Cette semaine, à Nice, deux individus, jugés proches de l'extrême droite, ont été interpelés suite à des actes de violence survenus lors d'une manifestation contre l'élection d'Éric Ciotti (UDR-RN) à la mairie. Selon le procureur de Nice, Damien Martinelli, ces arrestations soulèvent d'importantes préoccupations concernant la montée de la violence liée à des idéologies extrêmes.

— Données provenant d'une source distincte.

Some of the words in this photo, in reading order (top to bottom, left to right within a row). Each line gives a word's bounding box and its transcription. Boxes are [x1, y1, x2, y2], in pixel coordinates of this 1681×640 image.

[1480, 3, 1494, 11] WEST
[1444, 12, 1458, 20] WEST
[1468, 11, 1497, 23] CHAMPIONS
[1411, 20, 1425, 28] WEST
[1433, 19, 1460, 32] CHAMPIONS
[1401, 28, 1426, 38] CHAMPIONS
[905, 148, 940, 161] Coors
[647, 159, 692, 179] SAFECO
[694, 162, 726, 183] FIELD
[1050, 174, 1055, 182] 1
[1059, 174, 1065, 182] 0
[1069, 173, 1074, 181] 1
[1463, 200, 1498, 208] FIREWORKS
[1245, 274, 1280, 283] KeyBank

Les suspects, âgés d’une vingtaine d’années et déjà condamnés pour des faits similaires, font face à des accusations de violences aggravées, d'association de malfaiteurs et d'infractions relatives aux armes. Ils devront comparaître rapidement devant la justice.

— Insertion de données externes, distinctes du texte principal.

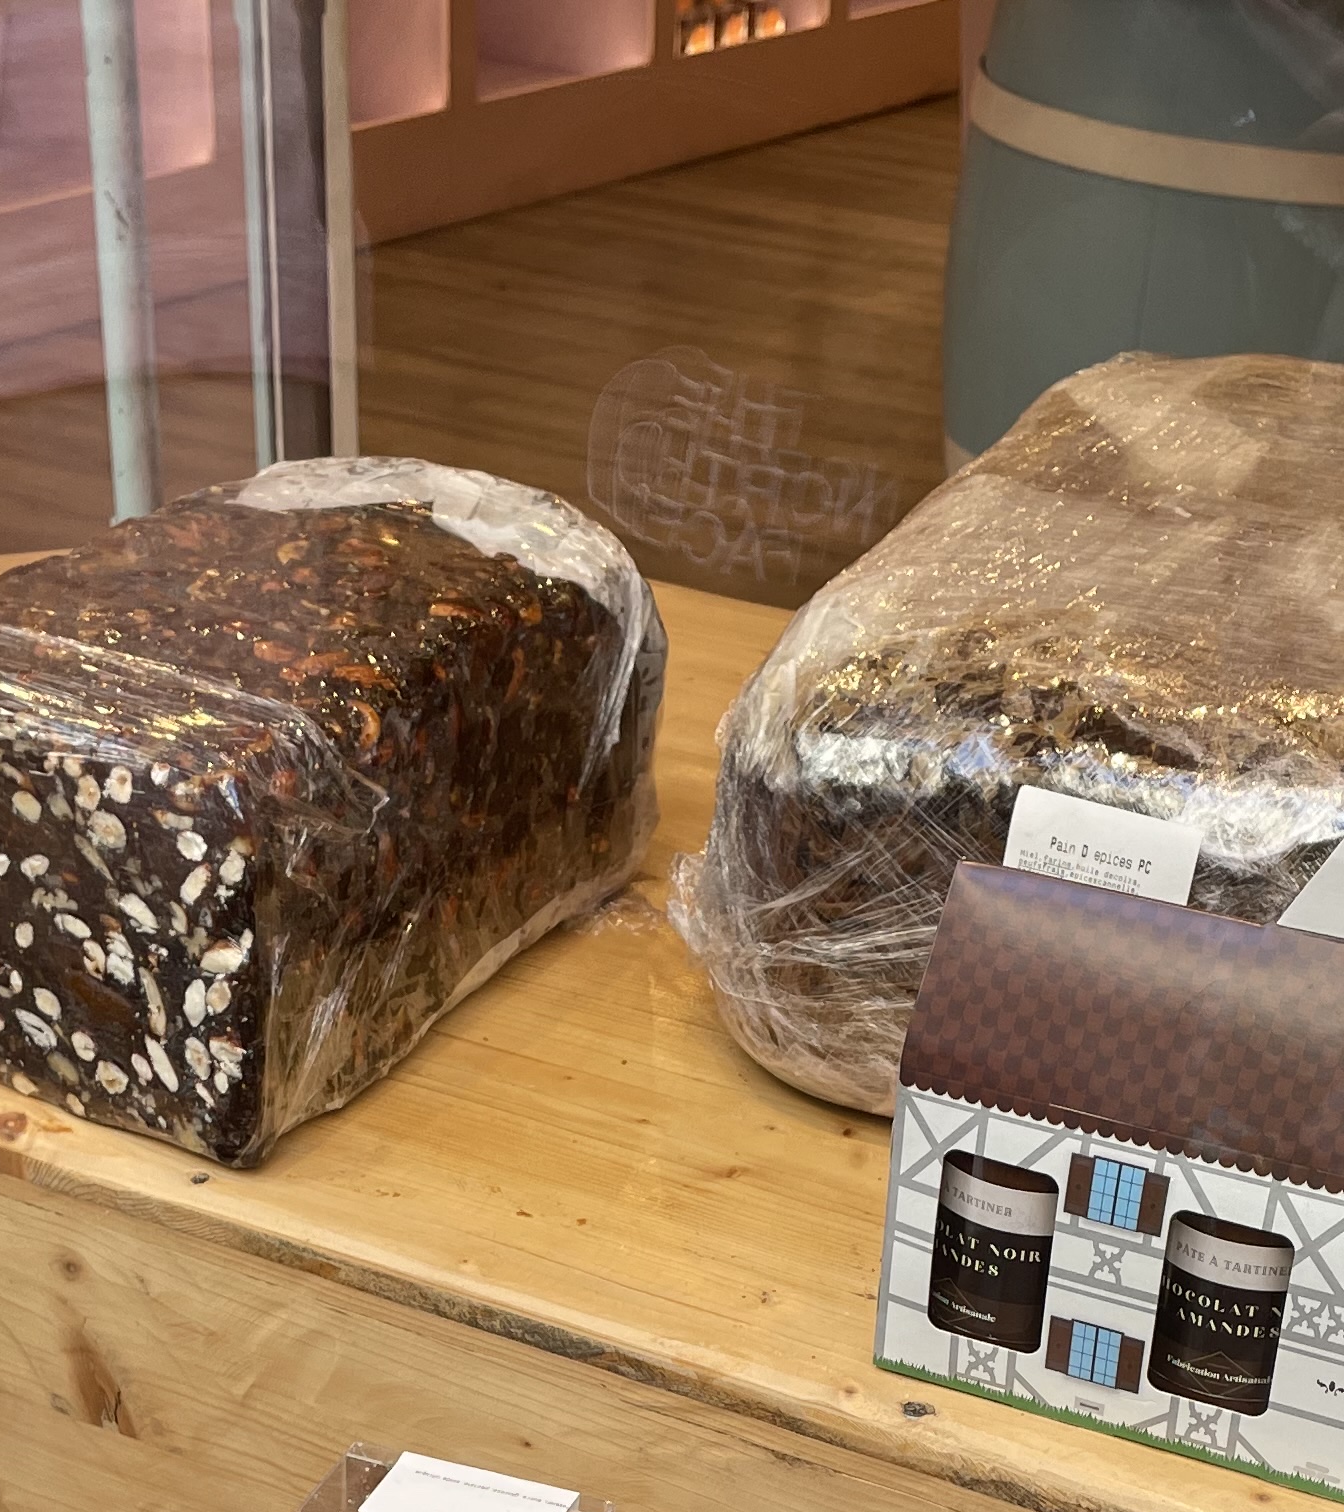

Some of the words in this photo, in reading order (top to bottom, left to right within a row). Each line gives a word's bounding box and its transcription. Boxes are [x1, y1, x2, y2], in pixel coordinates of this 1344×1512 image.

[1050, 836, 1077, 856] Pain
[1081, 844, 1090, 858] D
[1093, 850, 1134, 870] epices
[1138, 858, 1153, 876] PC
[953, 1189, 1014, 1218] TARTINER
[989, 1242, 1042, 1264] NOIR
[1176, 1307, 1281, 1339] AMANDES

Les événements se sont produits le 23 mars 2026, juste après l'élection d'Éric Ciotti. Lors d'un rassemblement organisé par la CGT spectacle, un groupe d'environ vingt personnes, habillées de noir et certaines cagoulées, a attaqué les manifestants. Cette agressivité préoccupe tout particulièrement les responsables politiques.
Des objets liés à Aquila Popularis, un groupuscule niçois d'extrême droite
Les enquêtes ont révélé que l’un des suspects, âgé de 21 ans, avait déjà été identifié comme l’auteur de violences le 1er février dernier dans le Vieux Nice. Lors de perquisitions, les policiers ont découvert des articles associés à Aquila Popularis, un groupe d'extrême droite local. Les saisies incluent un poing américain pour l’un, et pour l’autre, un arsenal comprenant une matraque télescopique et des objets à connotation nazie, justifiant que c’était une collecte.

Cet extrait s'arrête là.